§ WHAT THE EXERCISE ASKS
Reproduce every line of the listing as written, apart from the pictures.

§ THE RECORDS
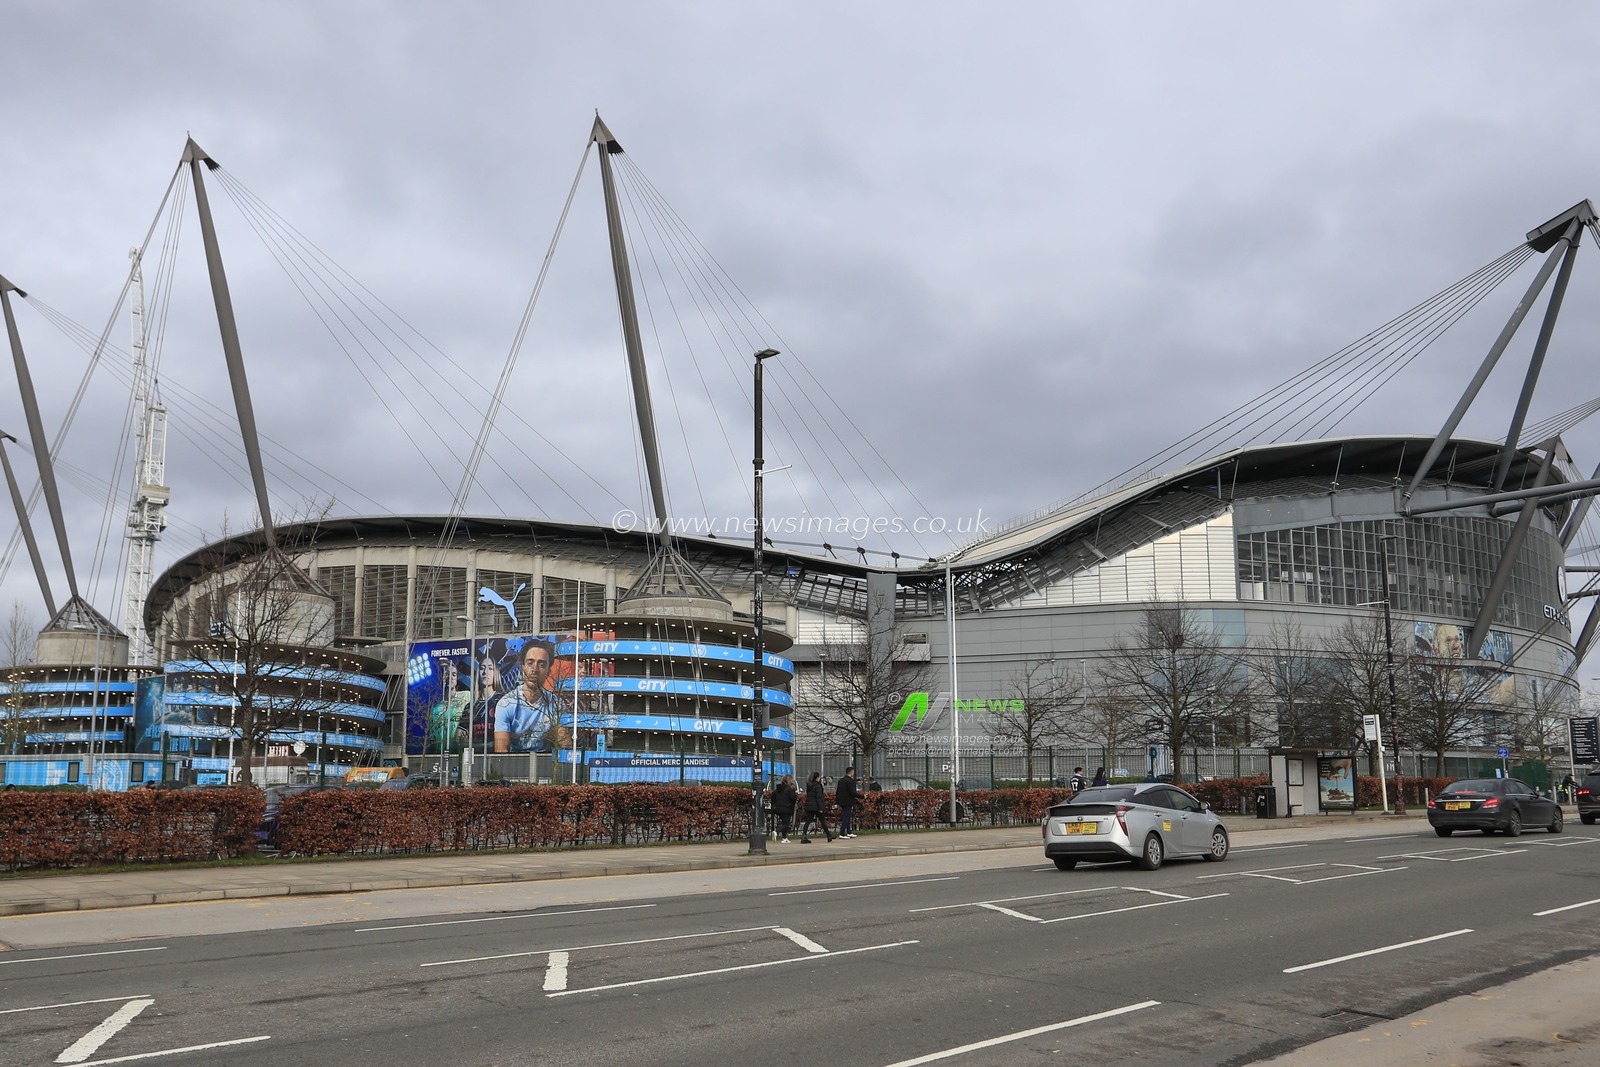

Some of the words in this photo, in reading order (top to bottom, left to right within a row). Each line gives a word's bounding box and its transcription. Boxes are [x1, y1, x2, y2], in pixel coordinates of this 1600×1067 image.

[430, 649, 452, 657] FOREVER.
[451, 647, 470, 656] FASTER.
[593, 642, 619, 652] CITY
[768, 655, 785, 667] CITY
[637, 680, 669, 691] CITY
[693, 720, 724, 732] CITY
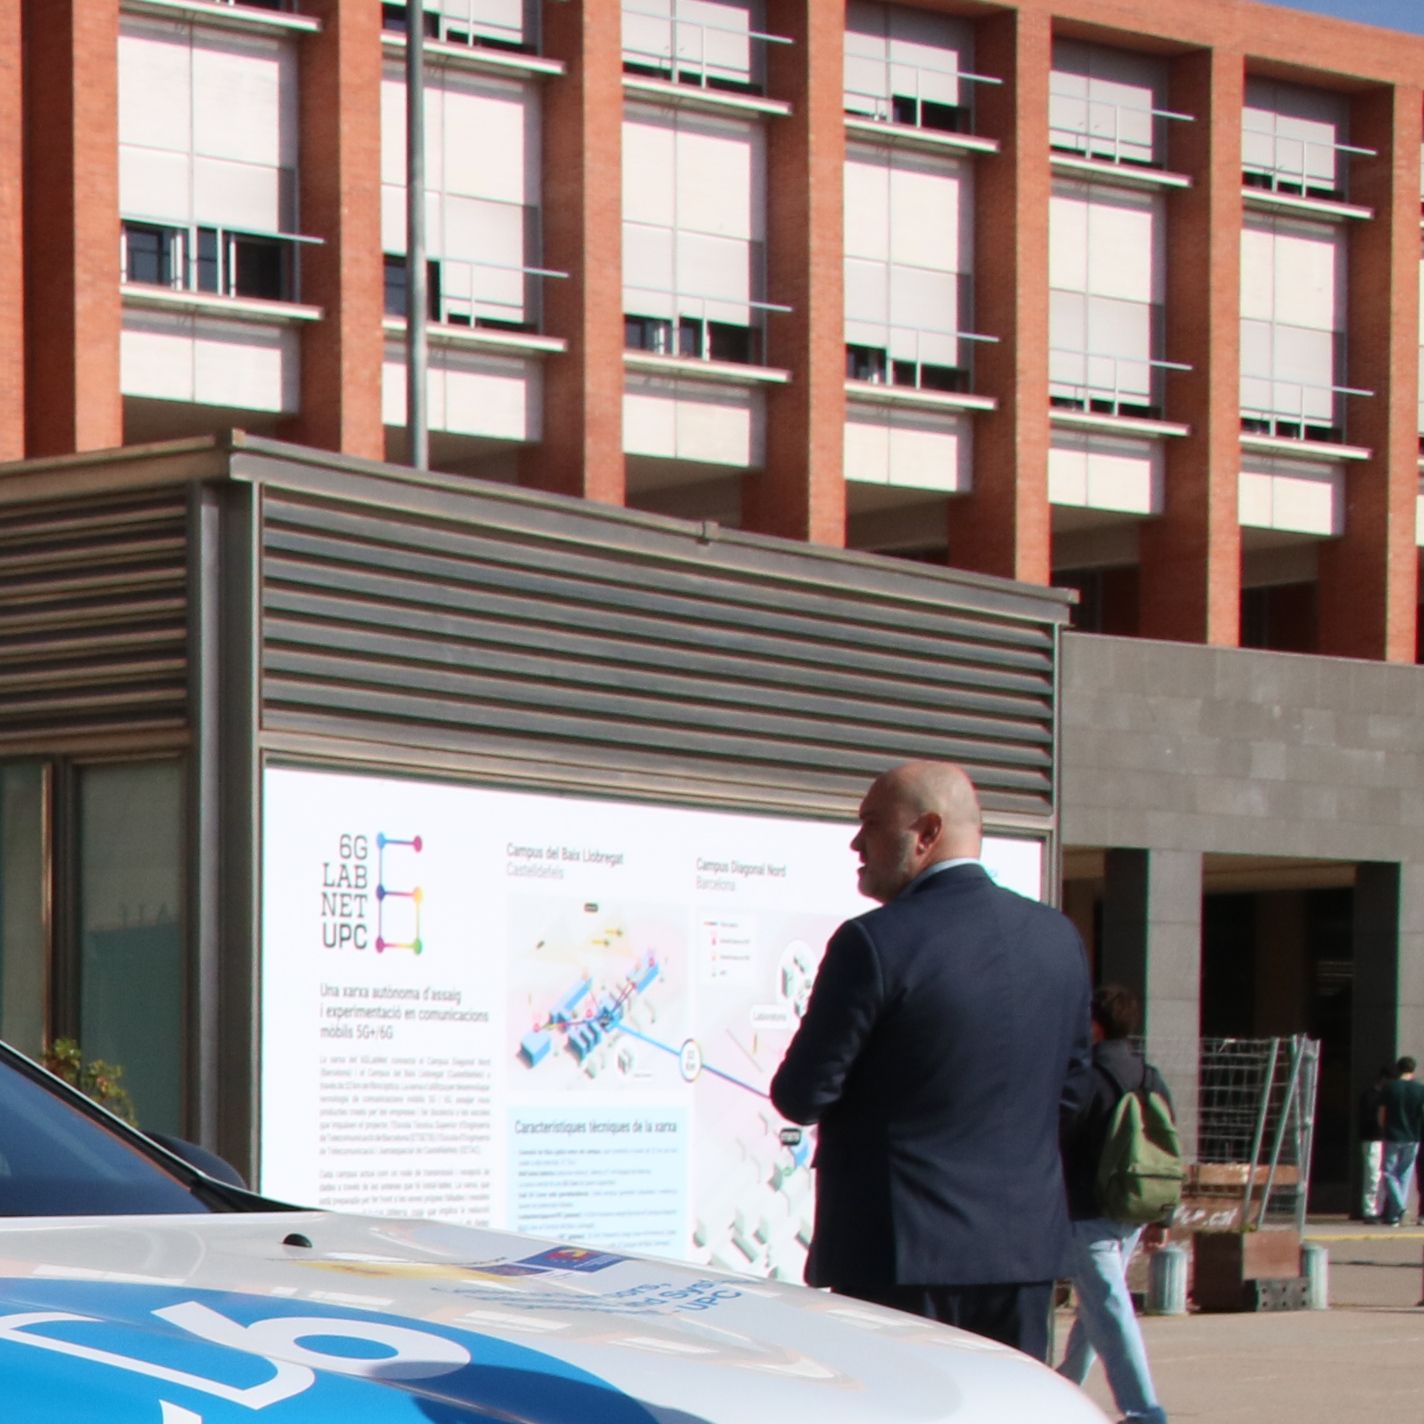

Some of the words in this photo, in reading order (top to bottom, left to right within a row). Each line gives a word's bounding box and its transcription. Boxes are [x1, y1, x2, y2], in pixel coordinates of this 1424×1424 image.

[339, 834, 368, 860] 6G
[506, 842, 543, 859] Campus
[545, 846, 560, 859] del
[562, 847, 580, 861] Baix
[583, 849, 624, 867] Llobregat
[323, 862, 368, 889] LAB
[696, 857, 729, 875] Campus
[731, 860, 765, 876] Diagonal
[767, 863, 786, 878] Nord
[321, 891, 368, 918] NET
[322, 922, 368, 950] UPC
[320, 983, 339, 997] Una
[343, 986, 369, 998] xarxa
[404, 1008, 416, 1019] en
[418, 1008, 489, 1023] comunicacions
[632, 1120, 643, 1133] de
[645, 1120, 653, 1133] la
[655, 1122, 677, 1133] xarxa

§ RESPONSE BELOW
Some of the words in this photo, in reading order (top to bottom, left to right within a row). Each line gives a word's bounding box and its transcription. Boxes are [x1, y1, x2, y2], in pixel coordinates of this 1600×1067 image.

[430, 649, 452, 657] FOREVER.
[451, 647, 470, 656] FASTER.
[593, 642, 619, 652] CITY
[768, 655, 785, 667] CITY
[637, 680, 669, 691] CITY
[693, 720, 724, 732] CITY

Some of the words in this photo, in reading order (top to bottom, left to right within a row). Each line gives a word's bounding box and its transcription. Boxes are [x1, y1, x2, y2], in pixel coordinates of this 1424×1424 image.

[339, 834, 368, 860] 6G
[506, 842, 543, 859] Campus
[545, 846, 560, 859] del
[562, 847, 580, 861] Baix
[583, 849, 624, 867] Llobregat
[323, 862, 368, 889] LAB
[696, 857, 729, 875] Campus
[731, 860, 765, 876] Diagonal
[767, 863, 786, 878] Nord
[321, 891, 368, 918] NET
[322, 922, 368, 950] UPC
[320, 983, 339, 997] Una
[343, 986, 369, 998] xarxa
[404, 1008, 416, 1019] en
[418, 1008, 489, 1023] comunicacions
[632, 1120, 643, 1133] de
[645, 1120, 653, 1133] la
[655, 1122, 677, 1133] xarxa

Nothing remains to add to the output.